Once you reach the line that contains "this 1600×1066 image.", retype it and each later line exactly as written, stopping only at the end of the listing.

____

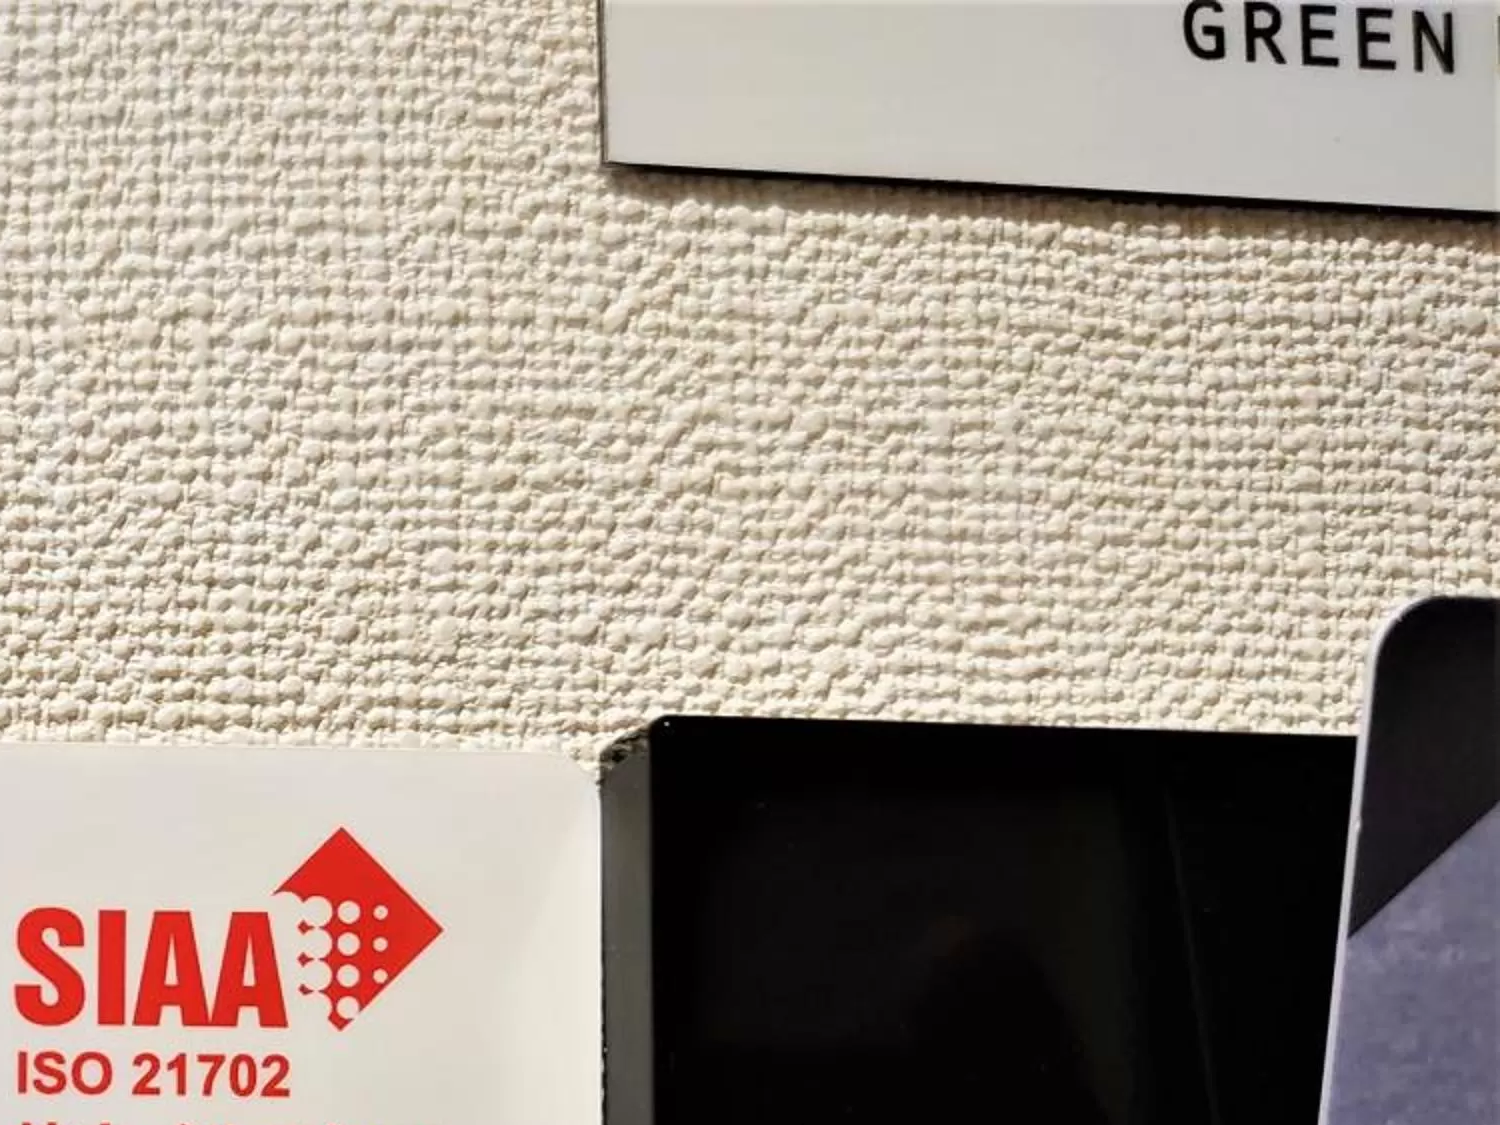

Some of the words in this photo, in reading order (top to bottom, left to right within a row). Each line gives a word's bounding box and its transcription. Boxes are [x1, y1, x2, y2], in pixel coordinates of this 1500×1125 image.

[1183, 0, 1456, 75] GREEN
[13, 907, 289, 1030] SIAA
[17, 1050, 114, 1097] ISO
[131, 1051, 291, 1099] 21702
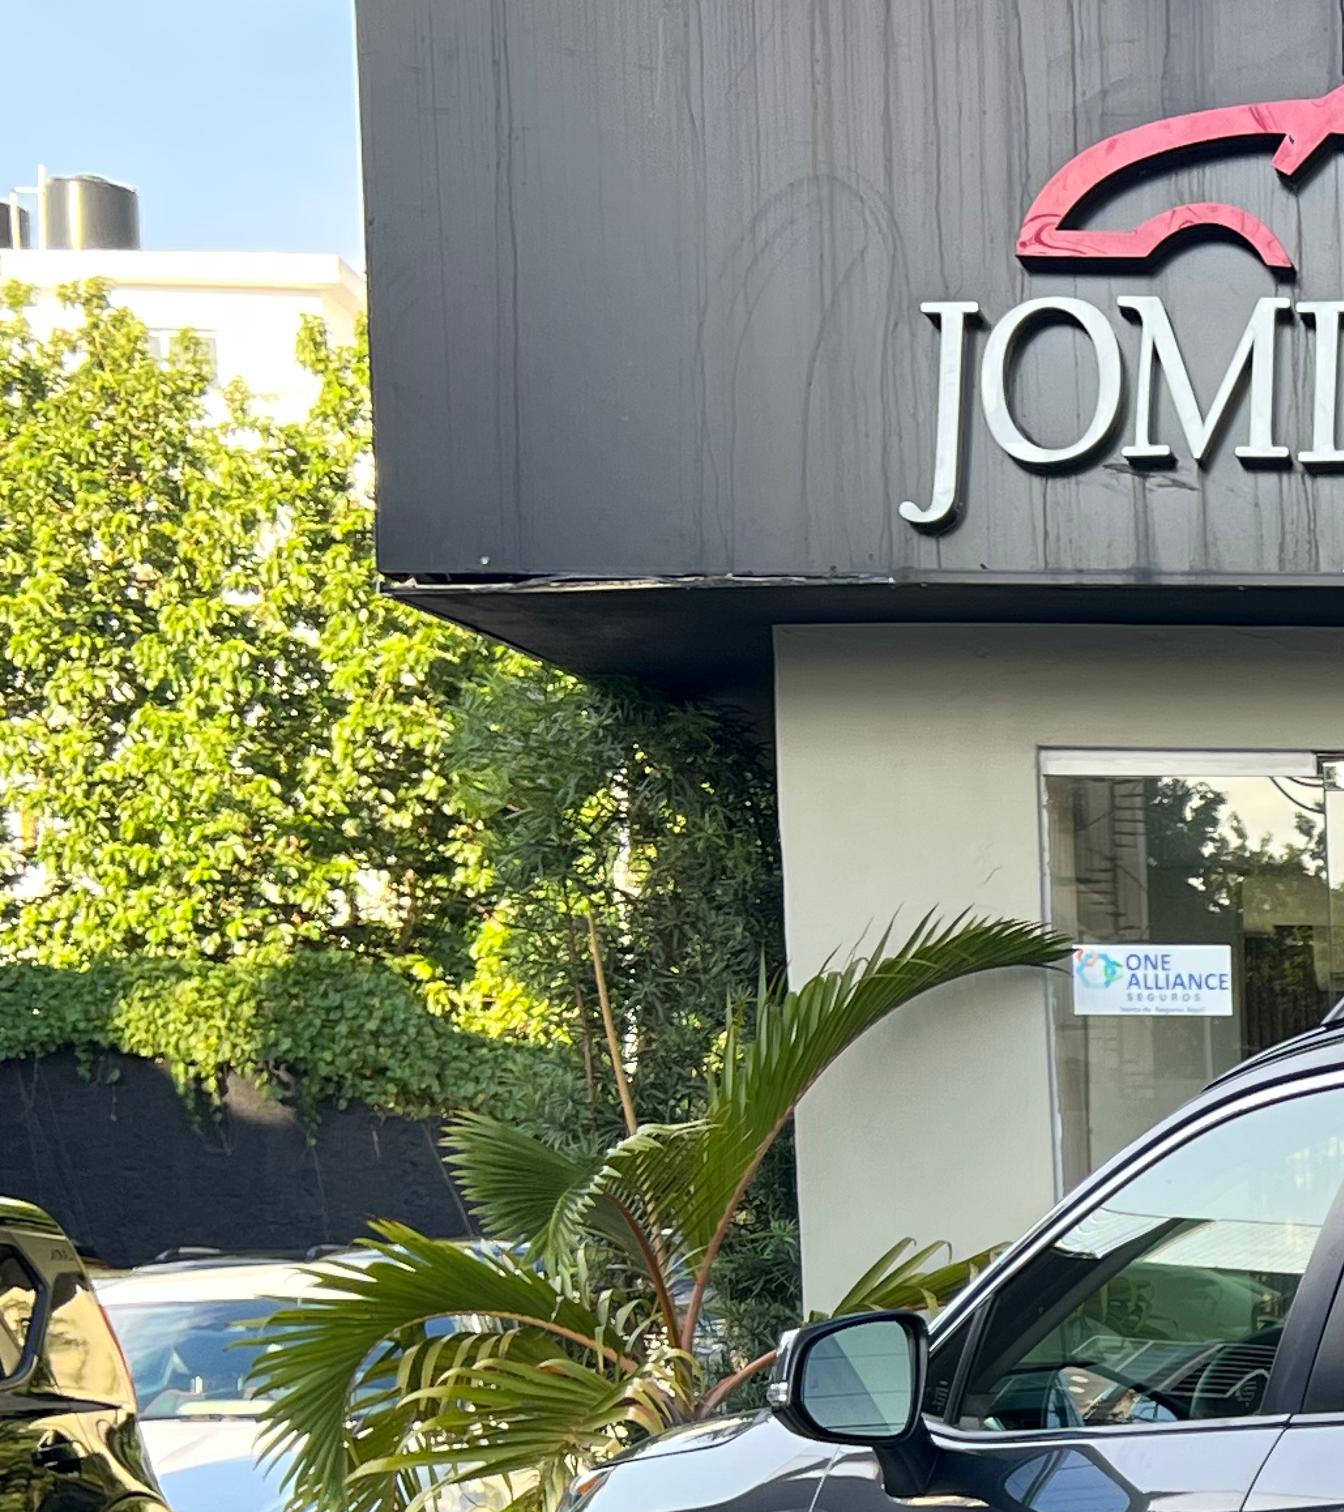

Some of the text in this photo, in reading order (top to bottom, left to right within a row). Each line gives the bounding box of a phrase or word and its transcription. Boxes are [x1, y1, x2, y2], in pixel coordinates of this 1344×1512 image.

[1125, 953, 1172, 972] ONE
[1125, 972, 1230, 991] ALLIANCE
[1126, 992, 1202, 1003] SEGUROS
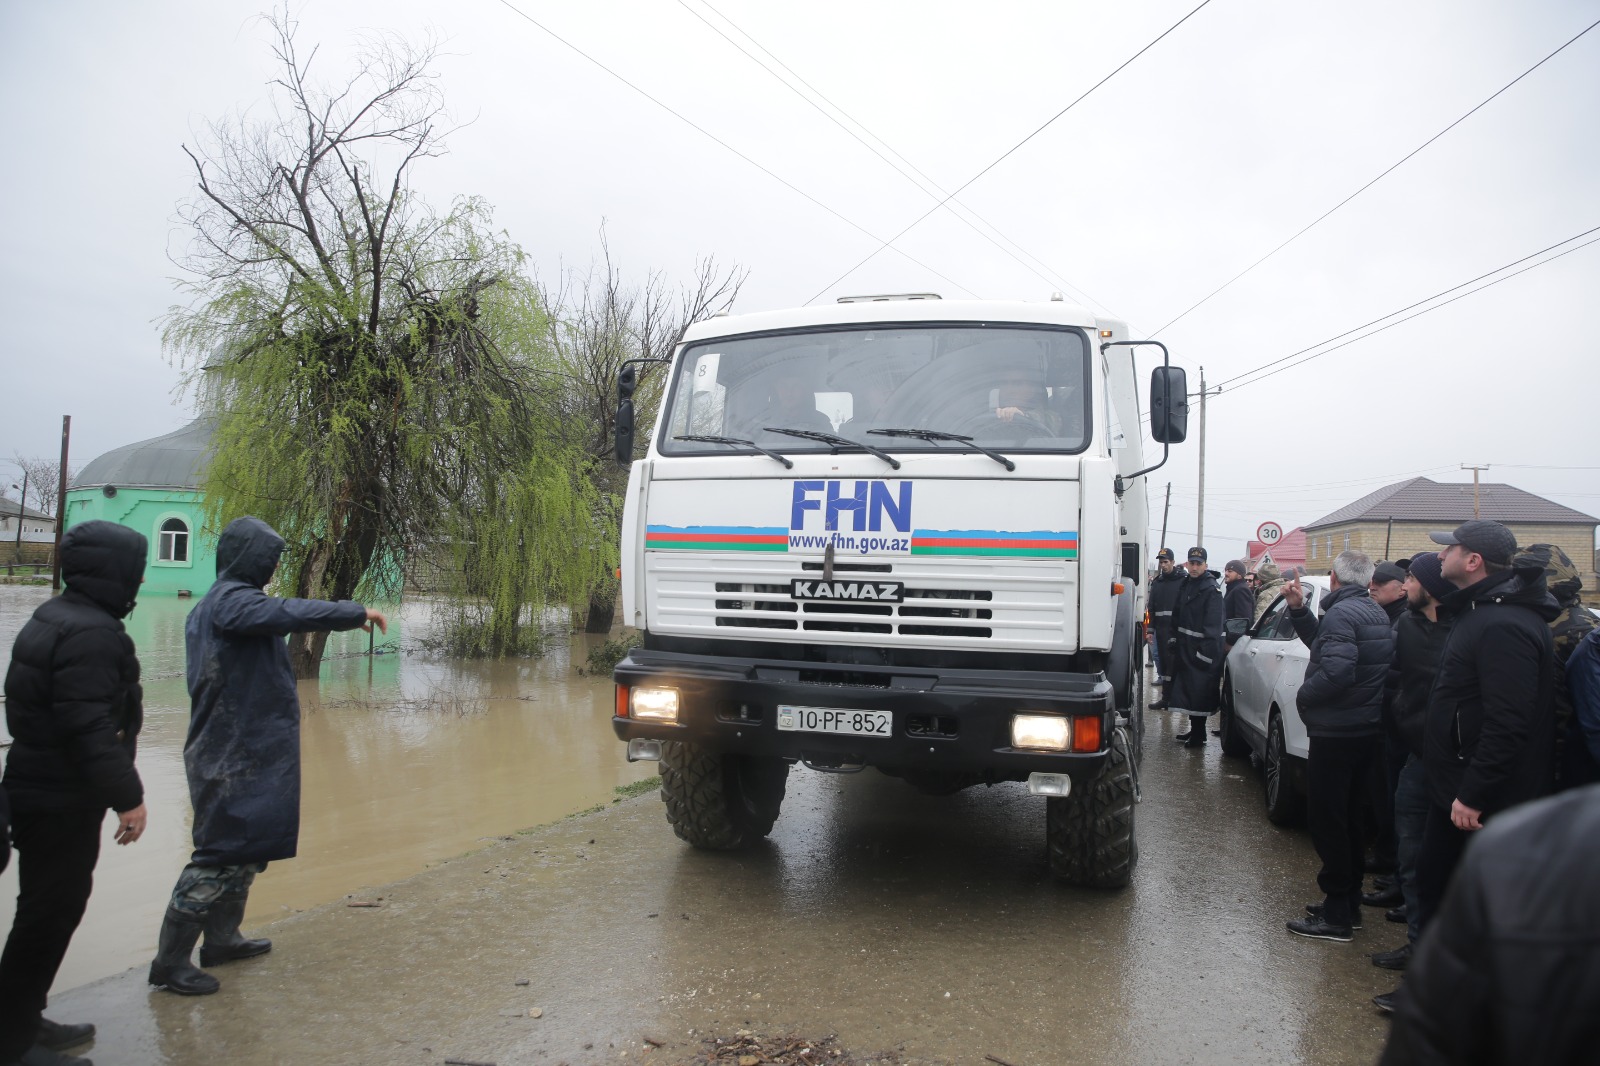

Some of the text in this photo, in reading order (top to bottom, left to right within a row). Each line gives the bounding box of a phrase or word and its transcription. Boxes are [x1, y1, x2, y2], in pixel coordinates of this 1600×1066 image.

[698, 364, 706, 377] 8
[790, 480, 913, 532] FHN
[788, 532, 909, 554] wwwfhn.gov.az
[1263, 528, 1278, 539] 30
[794, 581, 899, 600] KAMAZ
[798, 710, 888, 734] 10-PF-852

____

EXERCISE RESULT:
Some of the text in this photo, in reading order (top to bottom, left to right within a row). Each line gives the bounding box of a phrase or word and its transcription. Boxes are [x1, y1, x2, y2], in pixel coordinates of this 1600×1066 image.

[698, 364, 706, 377] 8
[790, 480, 913, 532] FHN
[788, 532, 909, 554] wwwfhn.gov.az
[1263, 528, 1278, 539] 30
[794, 581, 899, 600] KAMAZ
[798, 710, 888, 734] 10-PF-852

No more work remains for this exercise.